Since you asked i will answer these questions first! I have build DC layouts before never messed with DCC. ATM I am building a 4x8 board making it into to modules 4x4 each.

I kinda got a head of my self with wanting to jump in to the deep end of DCC because i knew i could control dcc with my computer and i'm a big computer person.

If you give me some links to these other controllers and stuff i would be happy to look at them. The reason i picked digitrax is my local train store guy rec-amend it. it was just a starting point. But like i said give me links i will look at it.


----------



## Massey (Apr 16, 2011)

OK I was going to answer the other thread but now that it is all here I can answer it here. 

Digitrax is my personal preferance the Zephyr Extra and Super Chief sets both have full command stations and they both will do great with computer interface.
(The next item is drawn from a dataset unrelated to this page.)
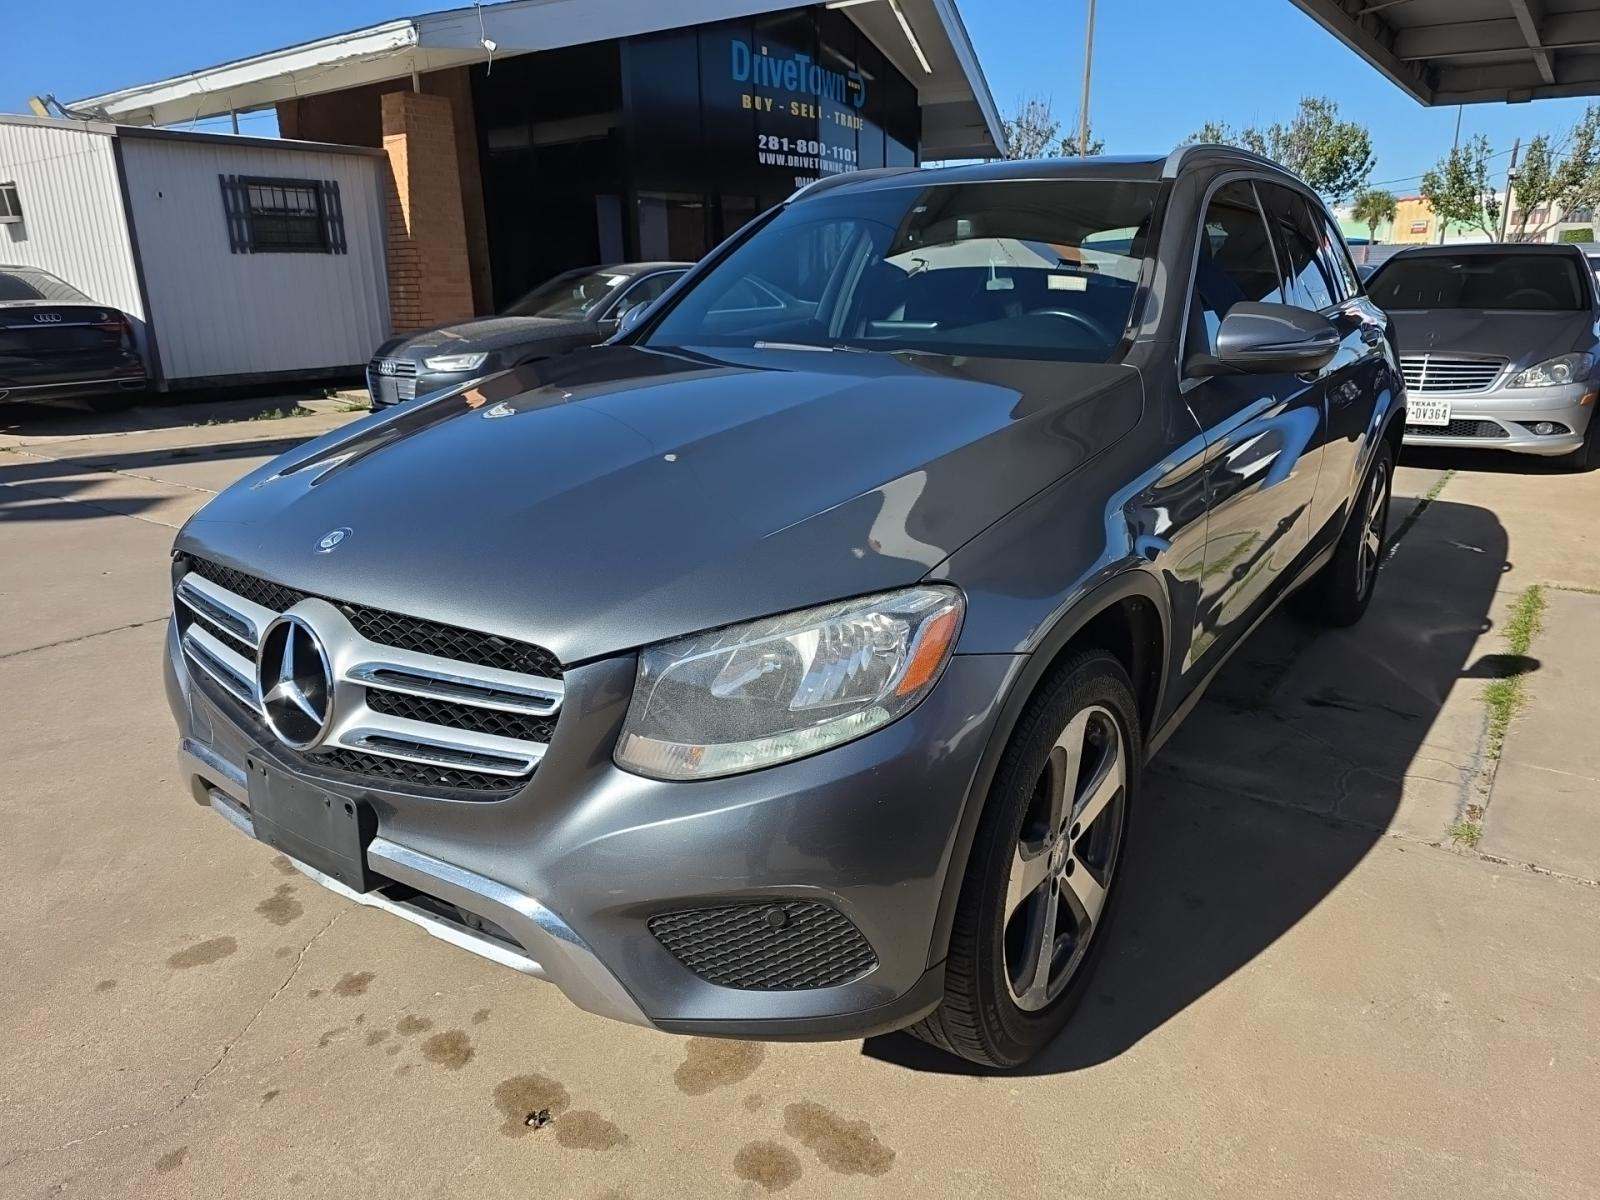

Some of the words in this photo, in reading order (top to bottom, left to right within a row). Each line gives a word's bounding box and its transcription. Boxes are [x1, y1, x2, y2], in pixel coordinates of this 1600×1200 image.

[732, 39, 846, 103] DriveTown
[742, 94, 773, 112] BUY
[834, 111, 863, 131] TRADE
Check them out at www.digitrax.com

To use them with computer interface you will need either a PR3 or locobuffer (PR3 from Digitrax and the locobuffer from http://www.rr-cirkits.com/ )
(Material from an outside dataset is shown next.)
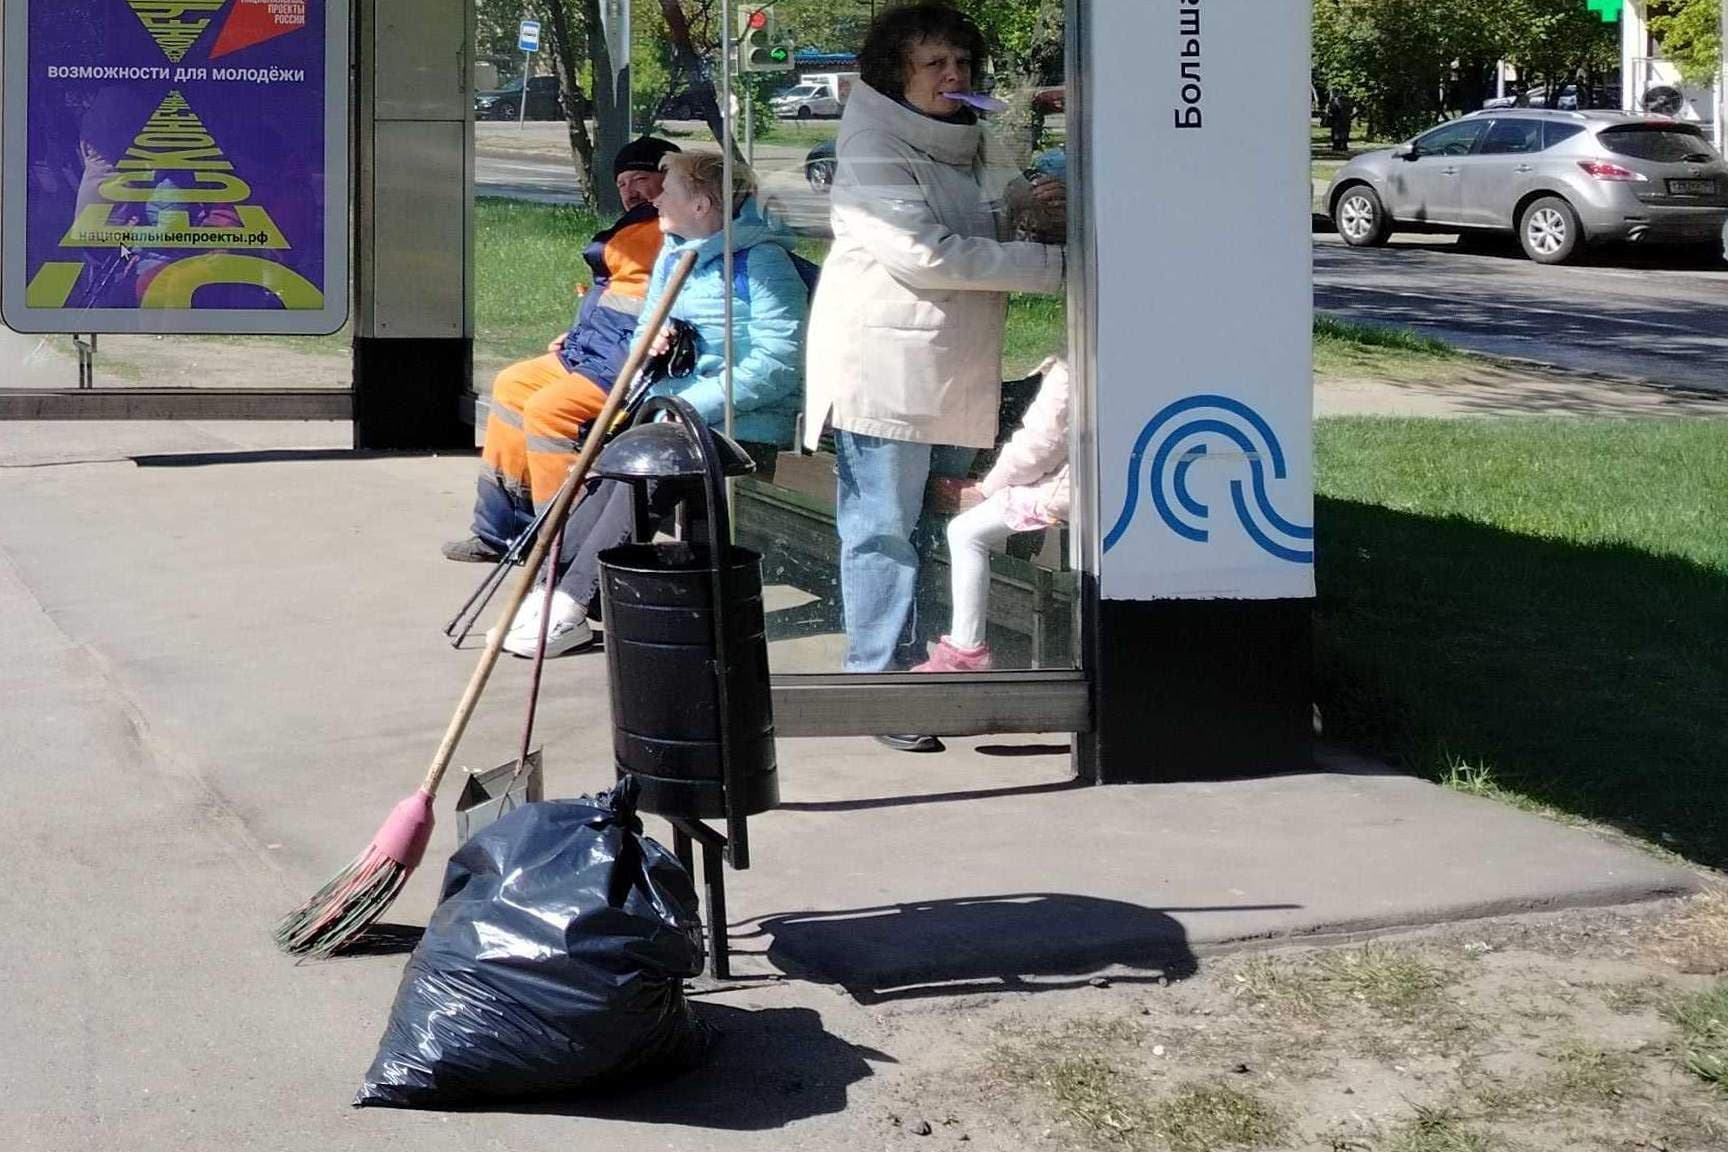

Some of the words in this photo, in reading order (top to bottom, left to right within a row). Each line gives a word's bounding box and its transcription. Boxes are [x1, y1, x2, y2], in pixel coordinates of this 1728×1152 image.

[268, 4, 305, 14] ПРОЕКТЫ
[274, 14, 305, 24] РОССИИ
[47, 66, 170, 80] возможности
[174, 67, 207, 82] для
To use the computer interface you will need JMRI or another computer/DCC software interface. For remote switch control you will need stationary decoders and some type of switch motor to activate the switches. slow motion switch motors take 1 channel of a stationary decoder but a relay type switch motor takes 2 channels. For signaling and block detection you will need a block occupency detector (BOD) and have it set up to talk to the computer interface.

Massey


----------



## britblad (Jan 2, 2012)

Massey said:


> OK I was going to answer the other thread but now that it is all here I can answer it here.
> 
> Digitrax is my personal preferance the Zephyr Extra and Super Chief sets both have full command stations and they both will do great with computer interface. Check them out at www.digitrax.com


I am leaning towards the Zephyr mainly because there seems to be so much info out there about digitrax that and they were the first ones that gave me a strait answer when i called and asked questions!


----------



## Massey (Apr 16, 2011)

Digitrax customer service is great with the couple of times I have had to call them. They even replaced a decoder for me that got fried when I crossed from DCC to DC on accident. 

I have also found that Digitrax seems to have thought out their system a little better. This is good as there is a module for just about anything you want to do. NCE seems not as well thought out but their system is more user friendly to the DIY people that want to build their own modules.

Massey


----------



## tankist (Jun 11, 2009)

Massey said:


> slow motion switch motors take 1 channel of a stationary decoder but a relay type switch motor takes 2 channels.


DS64 decoder handles both relay and slow motion in same way - one address each. and then there is servo + servo-board solution you leave out. takes care of these ungodly expensive tortoises for those who have to have slow motion machines. 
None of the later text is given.